[Text-to-region grounding data]
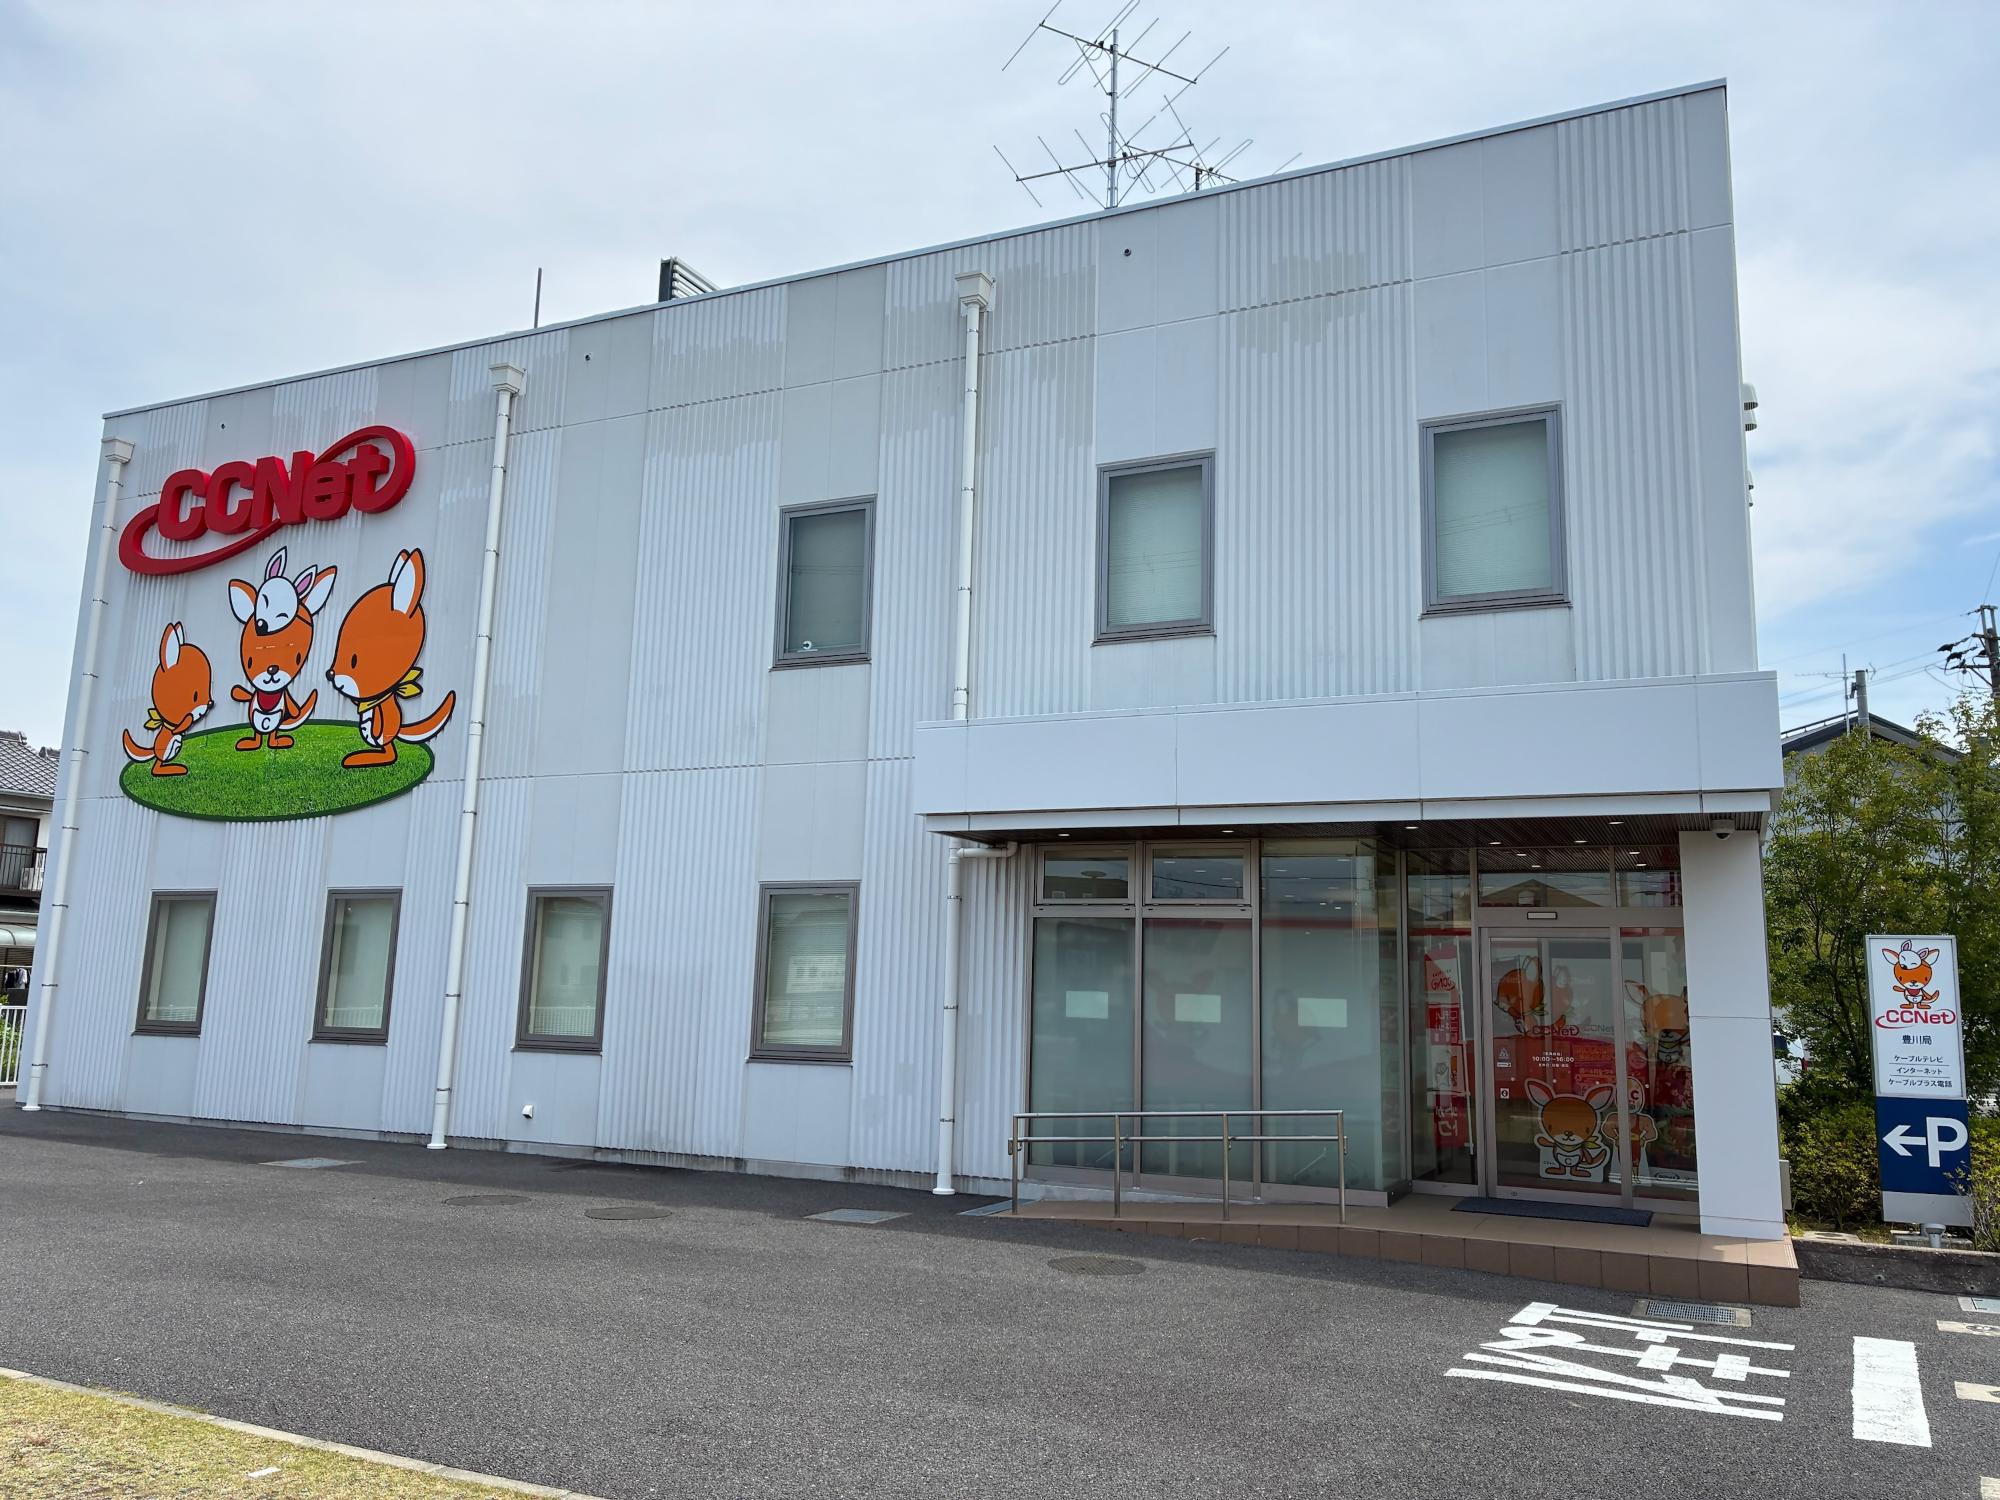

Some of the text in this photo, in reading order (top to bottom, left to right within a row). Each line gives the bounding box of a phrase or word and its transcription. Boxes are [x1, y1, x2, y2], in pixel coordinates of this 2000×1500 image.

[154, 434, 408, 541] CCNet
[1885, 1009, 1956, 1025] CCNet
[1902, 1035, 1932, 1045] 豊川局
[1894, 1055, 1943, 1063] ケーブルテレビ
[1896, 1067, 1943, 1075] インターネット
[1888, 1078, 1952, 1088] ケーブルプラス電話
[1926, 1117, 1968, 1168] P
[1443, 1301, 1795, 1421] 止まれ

[TASK DETAILS] When you transcribe the lines above, keep every word exact but leave the pictures behind.

[ANSWER TO THIS EXERCISE]
Some of the text in this photo, in reading order (top to bottom, left to right within a row). Each line gives the bounding box of a phrase or word and its transcription. Boxes are [x1, y1, x2, y2], in pixel coordinates of this 2000×1500 image.

[154, 434, 408, 541] CCNet
[1885, 1009, 1956, 1025] CCNet
[1902, 1035, 1932, 1045] 豊川局
[1894, 1055, 1943, 1063] ケーブルテレビ
[1896, 1067, 1943, 1075] インターネット
[1888, 1078, 1952, 1088] ケーブルプラス電話
[1926, 1117, 1968, 1168] P
[1443, 1301, 1795, 1421] 止まれ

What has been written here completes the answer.